(WHAT TO WORK ON):
Exactly as written, please set down all of the entries again, with no pictures.

Collected data
== == ==
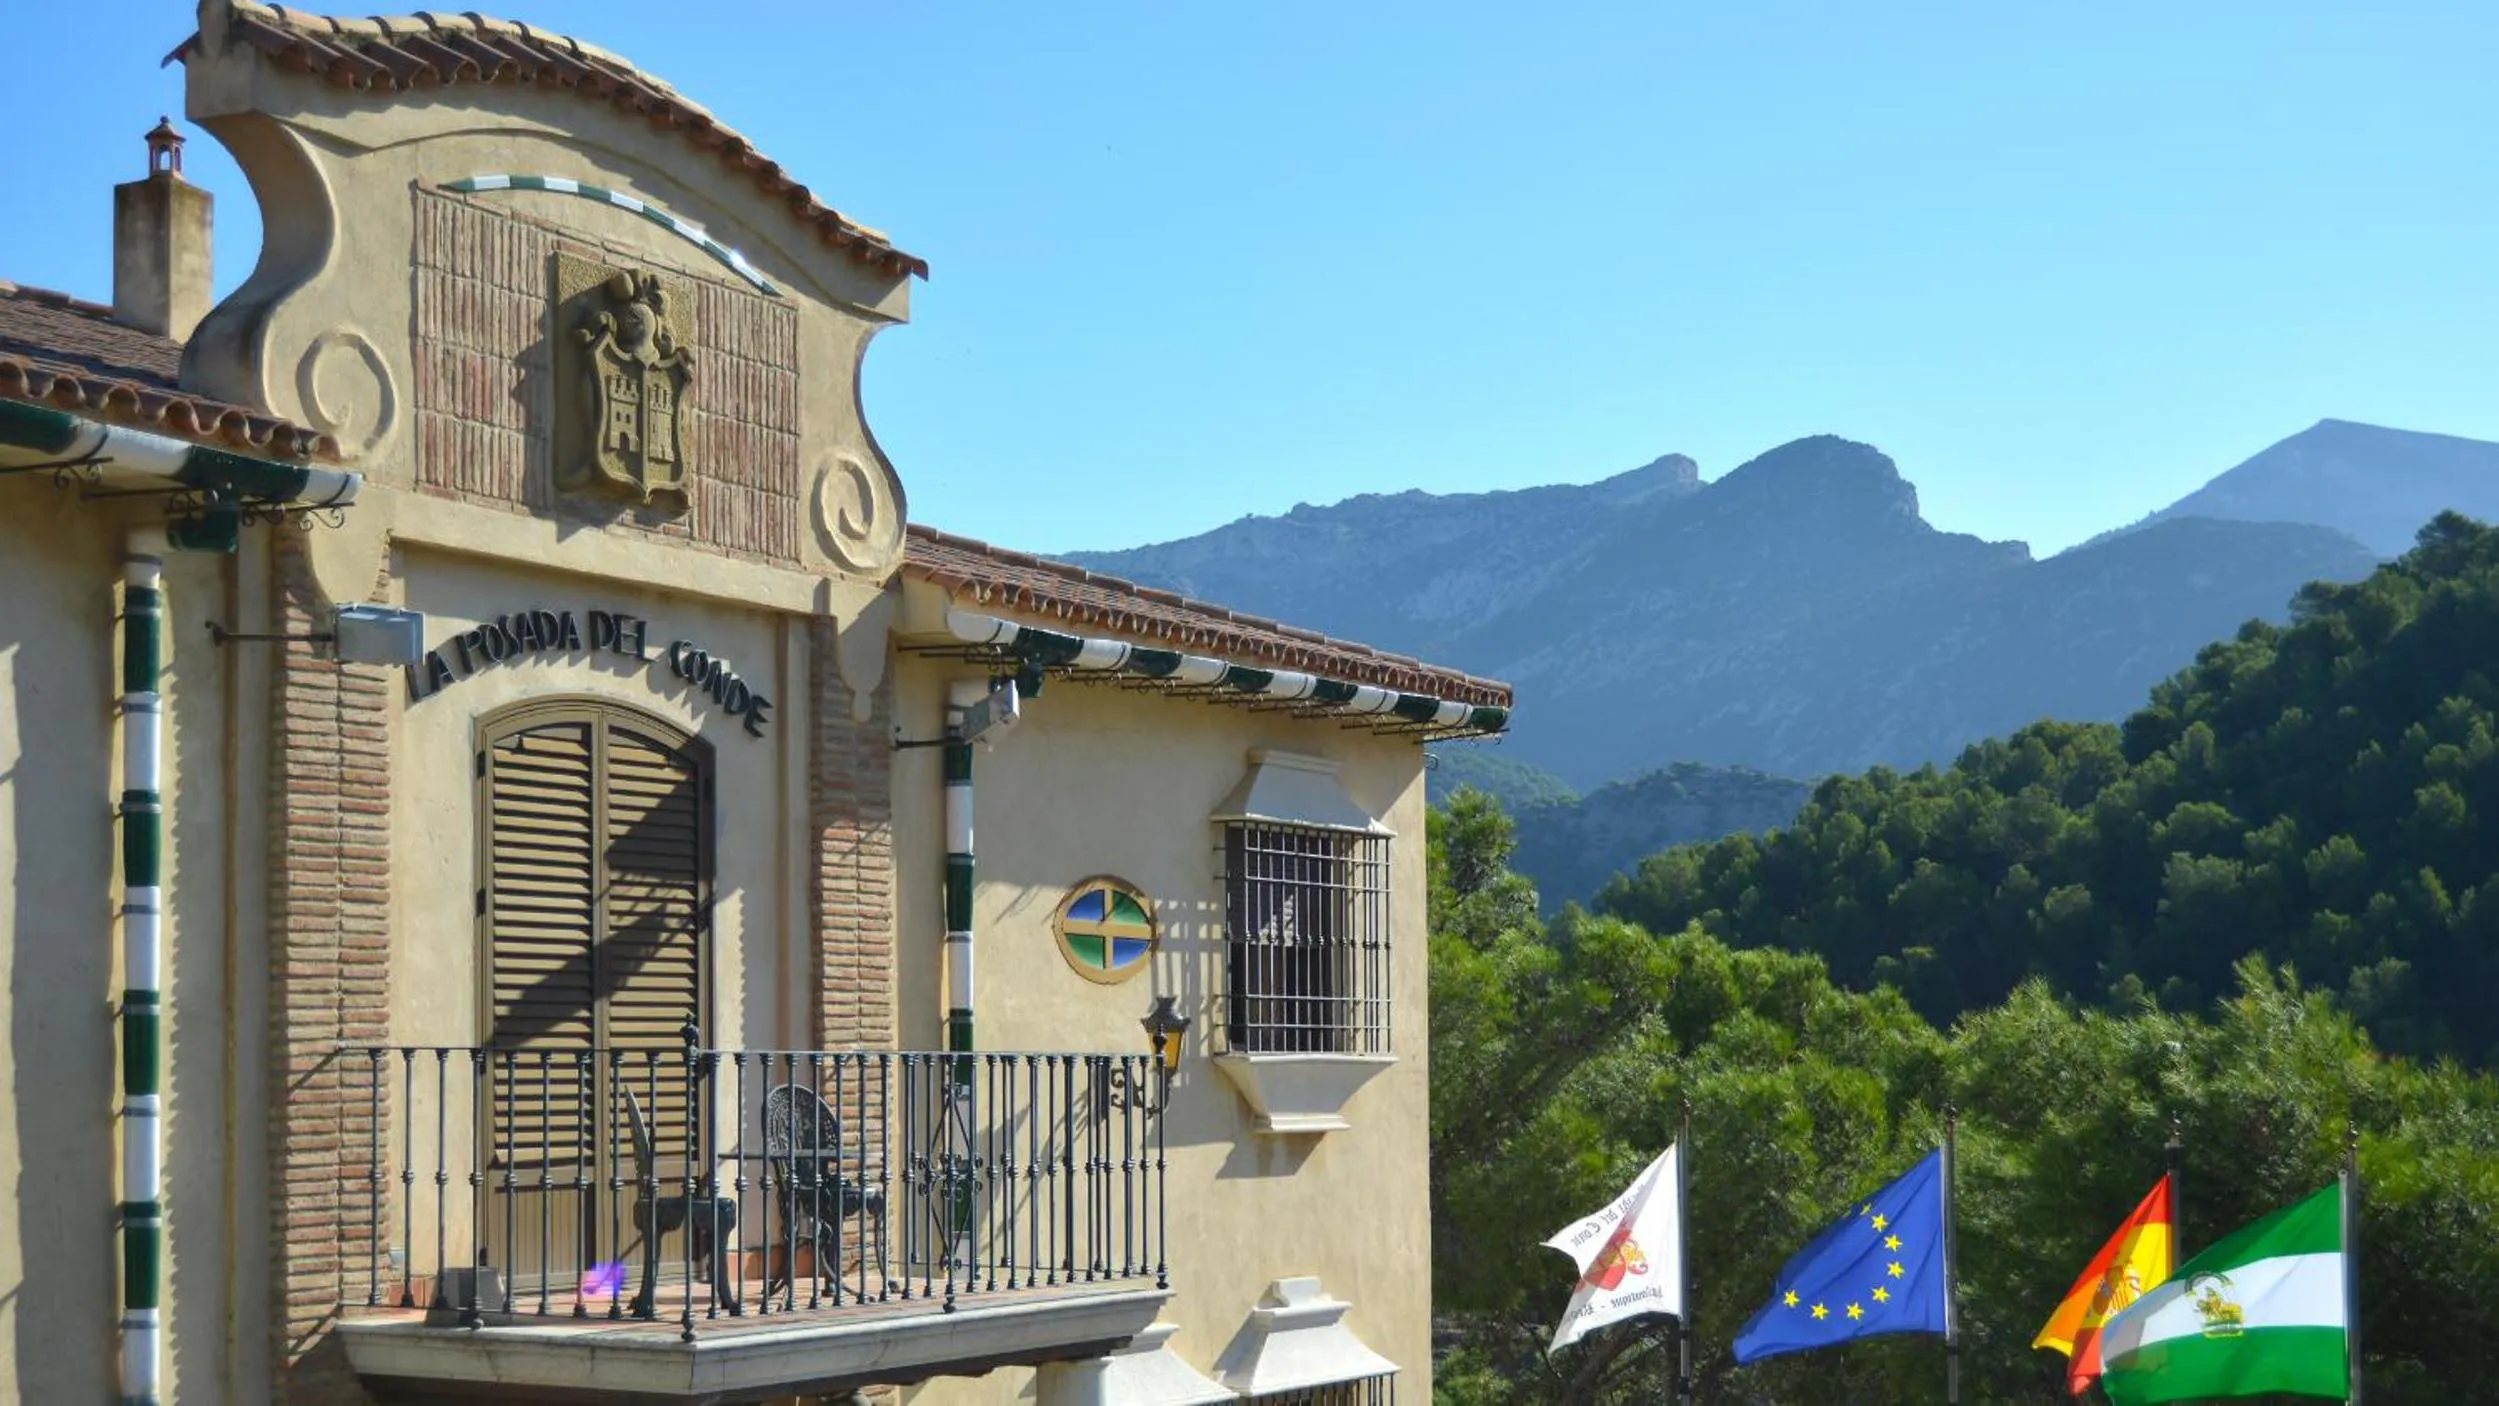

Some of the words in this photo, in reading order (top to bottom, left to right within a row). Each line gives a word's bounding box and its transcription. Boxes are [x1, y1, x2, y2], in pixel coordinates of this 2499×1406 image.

[405, 650, 456, 702] LA
[456, 609, 581, 674] POSADA
[589, 609, 661, 663] DEL
[669, 639, 774, 738] CONDE
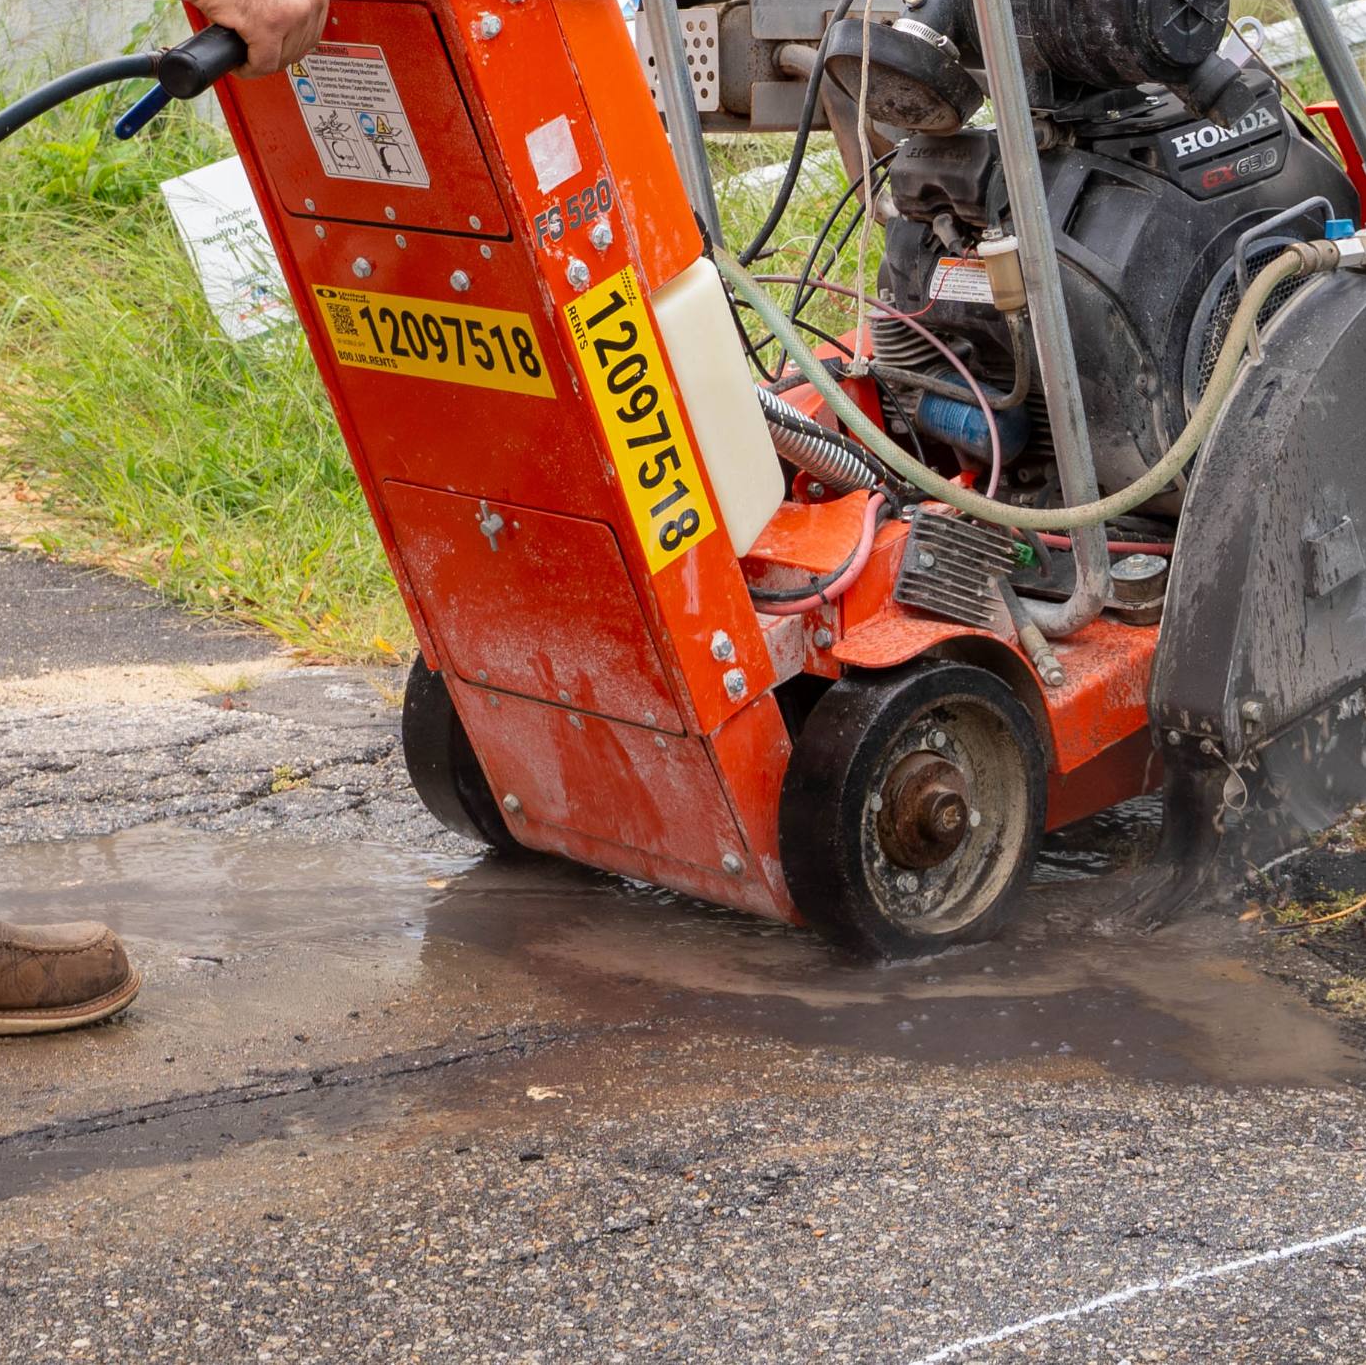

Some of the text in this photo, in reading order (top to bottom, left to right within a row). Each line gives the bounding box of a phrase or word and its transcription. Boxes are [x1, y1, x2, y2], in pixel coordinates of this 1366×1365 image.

[1171, 107, 1279, 158] HONDA
[202, 225, 238, 246] quality
[215, 206, 252, 226] Another
[533, 177, 613, 249] FS 520
[359, 306, 542, 379] 12097518
[586, 290, 701, 552] 12097518
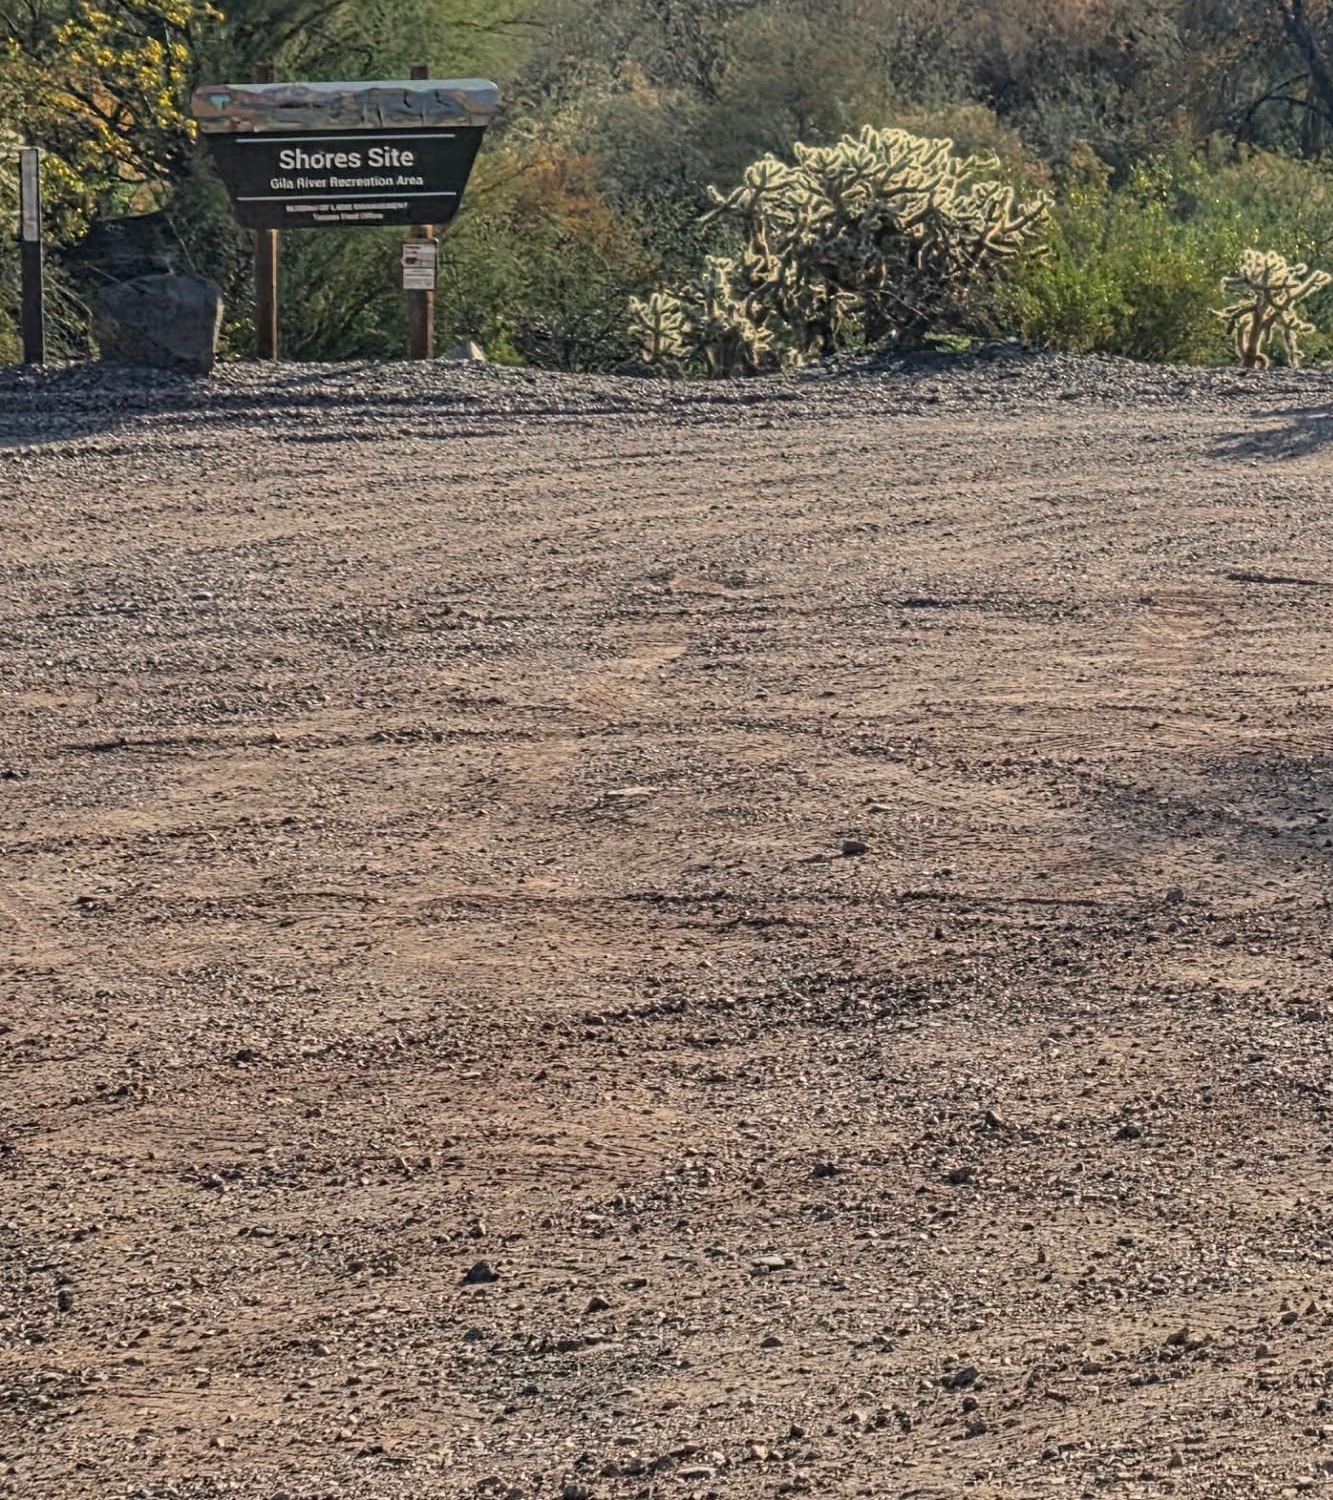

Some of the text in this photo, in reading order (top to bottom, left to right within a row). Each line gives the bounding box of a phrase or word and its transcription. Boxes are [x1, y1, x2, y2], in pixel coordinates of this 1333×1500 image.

[279, 146, 414, 169] Shores Site
[270, 174, 424, 189] Gila River Recreation Area
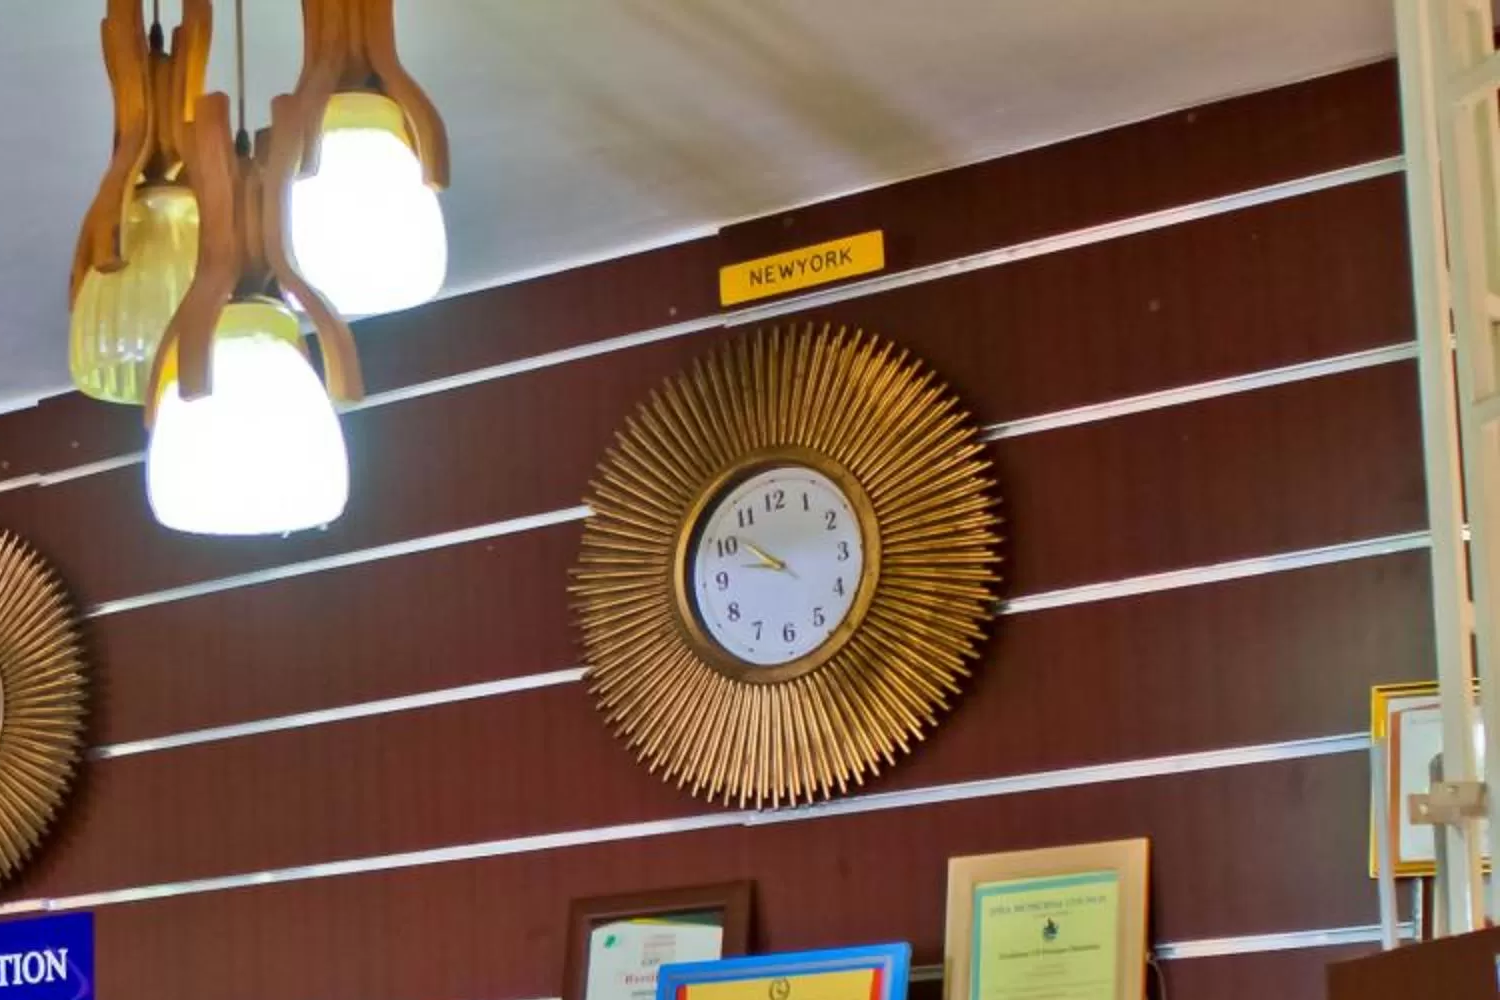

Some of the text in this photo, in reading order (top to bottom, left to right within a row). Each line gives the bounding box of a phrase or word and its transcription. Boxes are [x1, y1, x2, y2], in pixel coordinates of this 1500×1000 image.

[764, 490, 786, 513] 12
[802, 492, 810, 511] 1
[737, 507, 754, 528] 11
[825, 509, 837, 530] 2
[716, 535, 738, 558] 10
[837, 541, 849, 561] 3
[716, 571, 729, 591] 9
[833, 577, 844, 597] 4
[727, 602, 740, 621] 8
[813, 607, 825, 627] 5
[752, 620, 763, 641] 7
[783, 623, 796, 643] 6
== == ==
(WRITTEN RESPONSE):
Some of the words in this photo, in reading order (top to bottom, left to right within a row). Each line gives a word's bounding box and its transcription. Boxes are [x1, y1, x2, y2], in pixel coordinates of this 2499×1406 image.

[405, 650, 456, 702] LA
[456, 609, 581, 674] POSADA
[589, 609, 661, 663] DEL
[669, 639, 774, 738] CONDE

Some of the text in this photo, in reading order (top to bottom, left to right within a row). Each line gives the bounding box of a phrase or word and its transcription. Boxes are [x1, y1, x2, y2], in pixel coordinates of this 1366×1365 image.

[1171, 107, 1279, 158] HONDA
[202, 225, 238, 246] quality
[215, 206, 252, 226] Another
[533, 177, 613, 249] FS 520
[359, 306, 542, 379] 12097518
[586, 290, 701, 552] 12097518

Some of the text in this photo, in reading order (top to bottom, left to right within a row). Each line gives the bounding box of a phrase or word and its transcription. Boxes are [x1, y1, x2, y2], in pixel coordinates of this 1333×1500 image.

[279, 146, 414, 169] Shores Site
[270, 174, 424, 189] Gila River Recreation Area

Some of the text in this photo, in reading order (top to bottom, left to right within a row). Each line gives the bounding box of a phrase or word and its transcription. Boxes are [x1, y1, x2, y2], in pixel coordinates of this 1500×1000 image.

[764, 490, 786, 513] 12
[802, 492, 810, 511] 1
[737, 507, 754, 528] 11
[825, 509, 837, 530] 2
[716, 535, 738, 558] 10
[837, 541, 849, 561] 3
[716, 571, 729, 591] 9
[833, 577, 844, 597] 4
[727, 602, 740, 621] 8
[813, 607, 825, 627] 5
[752, 620, 763, 641] 7
[783, 623, 796, 643] 6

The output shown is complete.